In der Schweiz sind die sozial bedingten Unterschiede punkto Zahnhygiene vergleichsweise schwach ausgeprägt.

Differenz in der Häufigkeit des mehrmals täglichen Zähneputzens

HSBC

Zudem handelt es sich beim Zähneputzen um einen Inputfaktor. Bei Outputfaktoren, wie beispielsweise der DMFT-Index, wird leider nicht nach Wohlstandsniveau unterschieden. Deshalb lässt sich kein direkter internationaler Vergleich anstellen, wie stark der soziale Gradient ausgeprägt ist. Die Daten legen aber den Schluss nahe, dass der soziale Gradient in der Schweiz tief ist. Denn Input- und Outputfaktoren sind in der Zahngesundheit eng miteinander verknüpft, und beim Inputfaktor steht die Schweiz sehr gut da.

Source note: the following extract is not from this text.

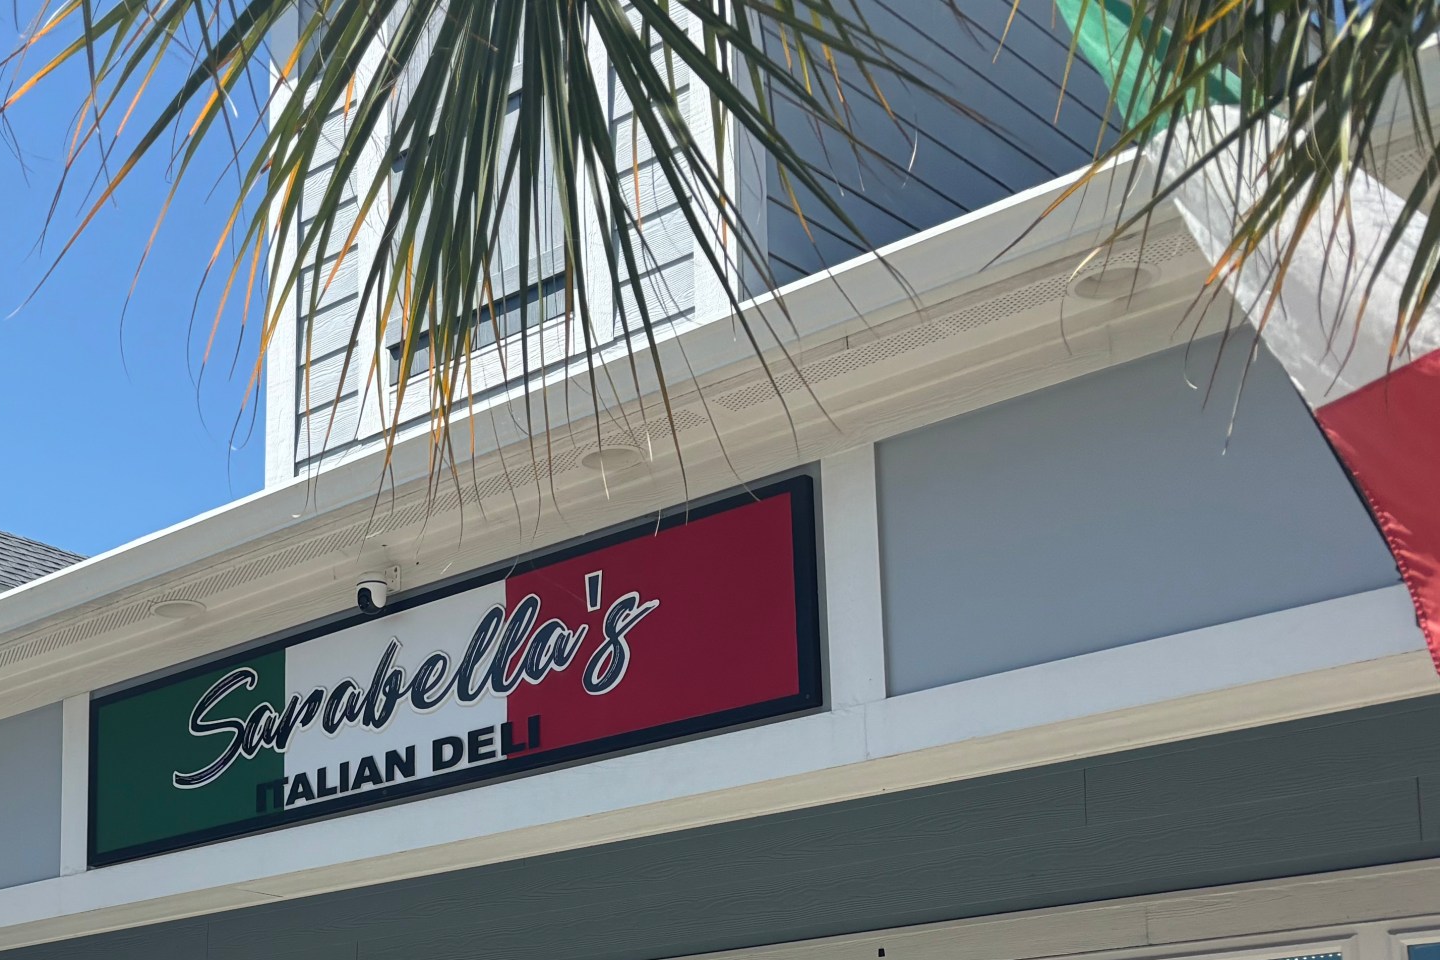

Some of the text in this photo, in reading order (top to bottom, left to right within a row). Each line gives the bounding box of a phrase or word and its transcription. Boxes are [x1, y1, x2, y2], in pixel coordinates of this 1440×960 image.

[172, 571, 659, 787] Sarabella's
[256, 714, 541, 813] ITALIAN DELI

Drittes Zwischenfazit: Ungleichheit in Zahnmedizin nicht grösser

Gemäss Schweizer Studien ist der soziale Gradient in der Zahngesundheit tiefer als in der Humanmedizin. Analysen der Inputfaktoren (Zähneputzen) legen den Schluss nahe, dass auch im internationalen Vergleich der soziale Gradient in der Zahngesundheit bei uns tief ist. Die Kluft zwischen Arm und Reich ist in der Schweiz also vergleichsweise gering. Die Art der Finanzierung der zahnmedizinischen Leistungen spielt für den sozialen Gradienten offenbar kaum keine Rolle.